Pihak produsen memang sengaja memakai nama HR-V, karena pasar otomotif di Amerika lebih akrab dengan nama itu. Dan perlu diingat bahwa HR-V adalah Honda yang terlaris di Amerika untuk model SUV. HR-V tampil perdana pada tahun 1998 dan menjadi generasi kedua dari J-Mover. Pada awal produksi, Honda hanya meluncurkan model 3 pintu. Seiring perkembangan pasar HMC menambahkan model 5 pintu setelah 1 tahun beredar di pasaran.

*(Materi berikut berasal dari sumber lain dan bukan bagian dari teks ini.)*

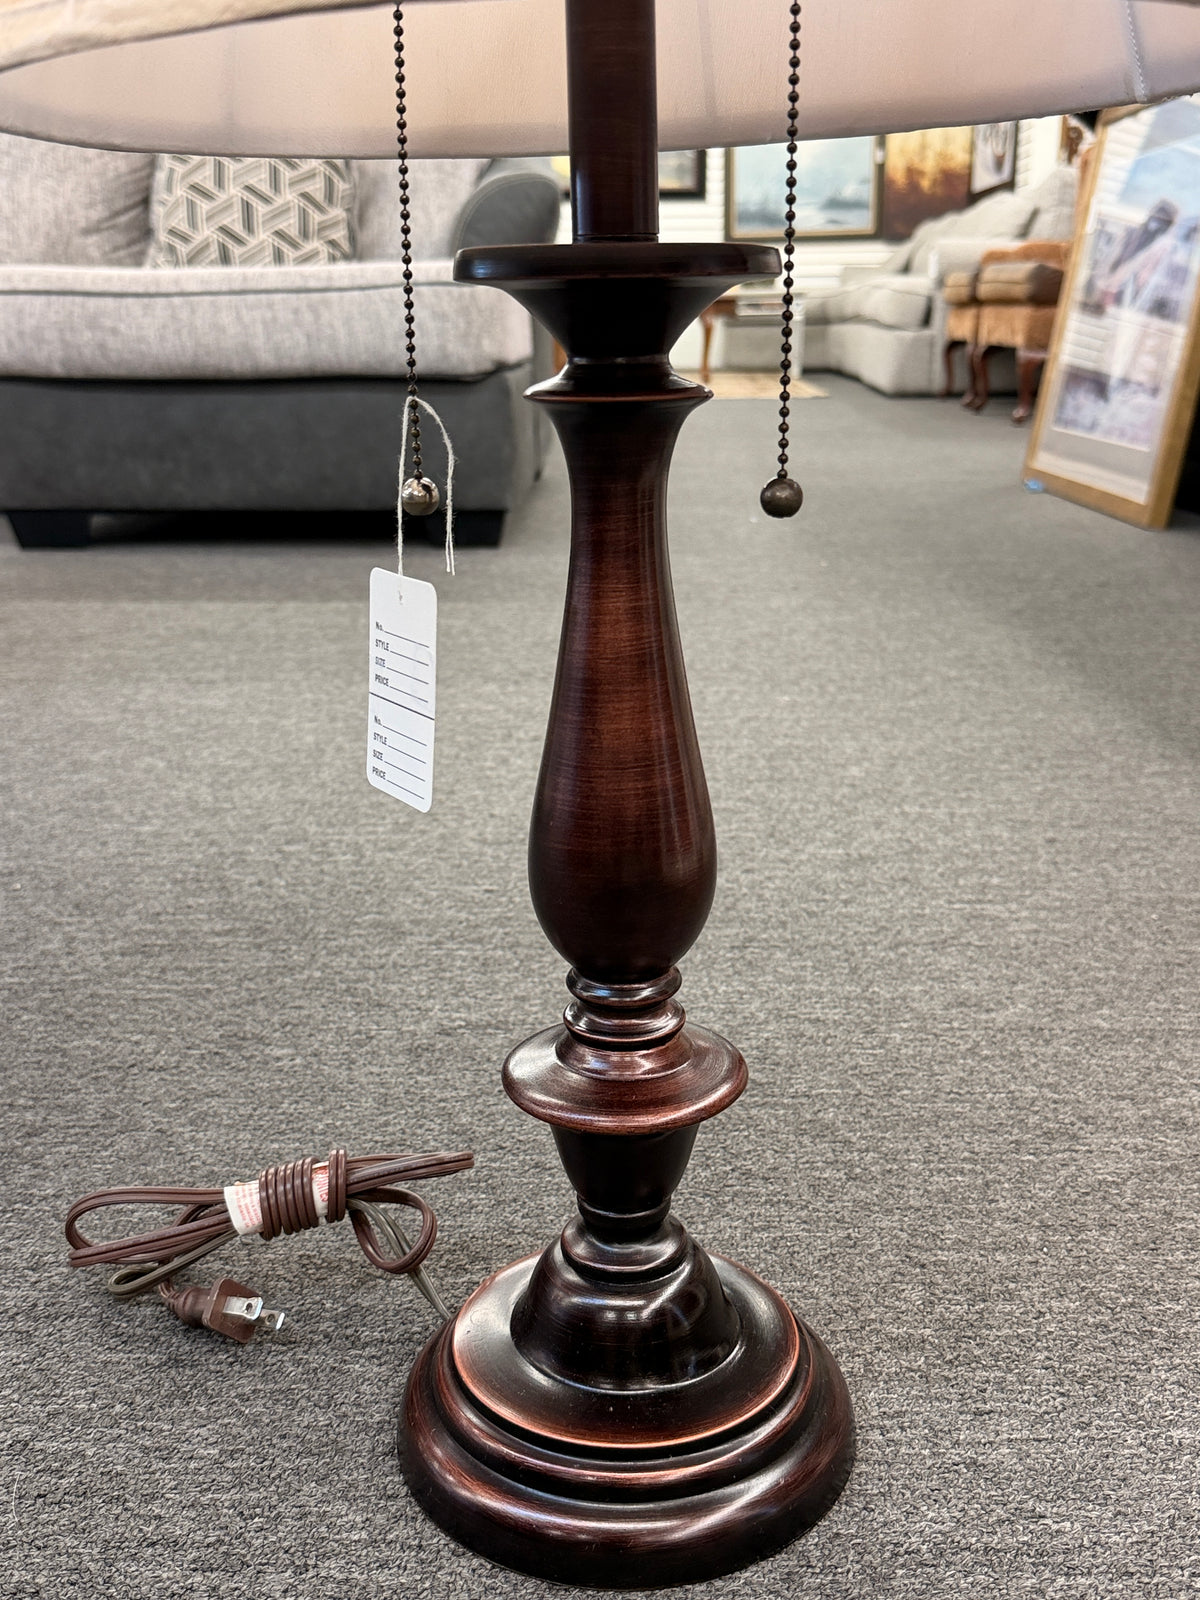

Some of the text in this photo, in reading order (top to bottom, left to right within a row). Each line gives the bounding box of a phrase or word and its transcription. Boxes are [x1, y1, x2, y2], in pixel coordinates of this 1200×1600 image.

[375, 638, 389, 652] STYLE
[375, 673, 389, 687] PRICE
[373, 732, 387, 746] STYLE
[373, 749, 384, 762] SIZE
[372, 766, 386, 780] PRICE
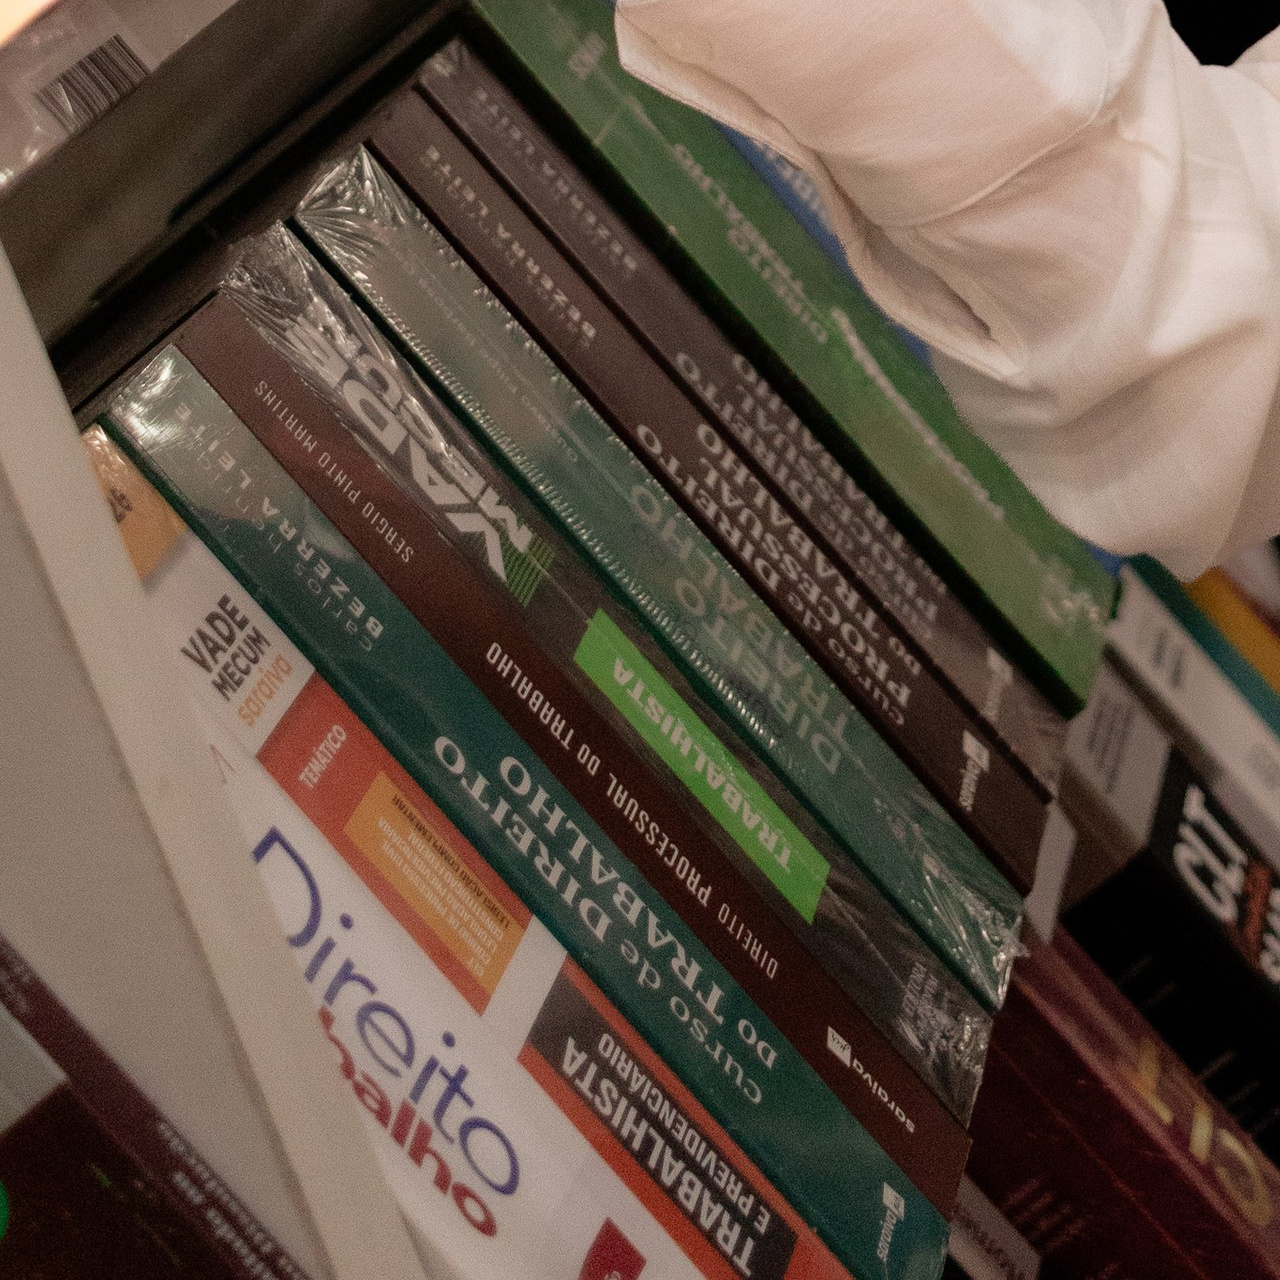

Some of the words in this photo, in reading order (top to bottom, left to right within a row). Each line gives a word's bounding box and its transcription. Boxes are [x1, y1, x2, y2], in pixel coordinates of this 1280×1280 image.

[426, 144, 489, 218] LEITE
[495, 221, 597, 340] BEZERRA
[173, 399, 252, 491] LEITE
[254, 378, 318, 453] MARTINS
[284, 311, 505, 583] VADE
[674, 348, 813, 512] DIREITO
[175, 427, 285, 555] henriq
[316, 449, 361, 504] PINTO
[635, 420, 781, 592] DIREITO
[733, 381, 937, 623] PROCESSUAL
[258, 494, 384, 639] BEZERRA
[360, 499, 414, 564] SERGIO
[693, 419, 879, 641] TRABALHO
[696, 455, 911, 708] PROCESSUAL
[180, 593, 252, 674] VADE
[290, 560, 373, 654] carlos
[626, 479, 850, 745] TRABALHO
[783, 589, 823, 636] de
[212, 625, 270, 702] MECUM
[236, 651, 293, 727] saraiva
[486, 639, 575, 751] TRABALHO
[669, 573, 841, 776] DIREITO
[826, 635, 905, 727] curso
[297, 722, 347, 787] TEMÁTICO
[576, 741, 600, 777] DO
[610, 655, 792, 875] TRABALHISTA
[391, 792, 460, 874] COMPLEMENTAR
[431, 731, 612, 943] DIREITO
[604, 771, 711, 907] PROCESSUAL
[1174, 783, 1250, 923] CLT
[459, 867, 510, 929] LEGISLAÇÃO
[495, 751, 729, 1025] TRABALHO
[618, 938, 664, 994] de
[716, 901, 778, 981] DIREITO
[252, 826, 520, 1196] Direito
[666, 992, 764, 1106] curso
[734, 1015, 777, 1070] DO
[597, 1031, 754, 1219] PREVIDENCIÁRIO
[851, 1056, 917, 1134] saraiva
[562, 1034, 752, 1278] TRABALHISTA
[750, 1205, 771, 1235] E
[875, 1208, 897, 1263] saraiva

HR-V Adalah Compact SUV Honda

HR-V sendiri masuk dalam proyek Compact SUV Honda yang digadang-gadang menjadi SUV Murah milik Honda. Pada awalnya, Honda memiliki 2 model untuk dipilih sebagai platform pengembangan SUV murah. Salah satunya yaitu Vezel yang sudah lebih dulu beredar di pasaran. Namun dalam perkembangannya, Vezel dinilai sudah baku dengan dimensi dan penggunaan material yang ada. Jika memakai model Vezel, akan membutuhkan waktu dan biaya yang lebih besar dalam penyesuaian material pabrikasi serta ukurannya. Tidak itu saja, pangsa pasar Vezel yang telah ada bisa dipengaruhi oleh kehadiran SUV se-brand yang menggunakan platform-nya.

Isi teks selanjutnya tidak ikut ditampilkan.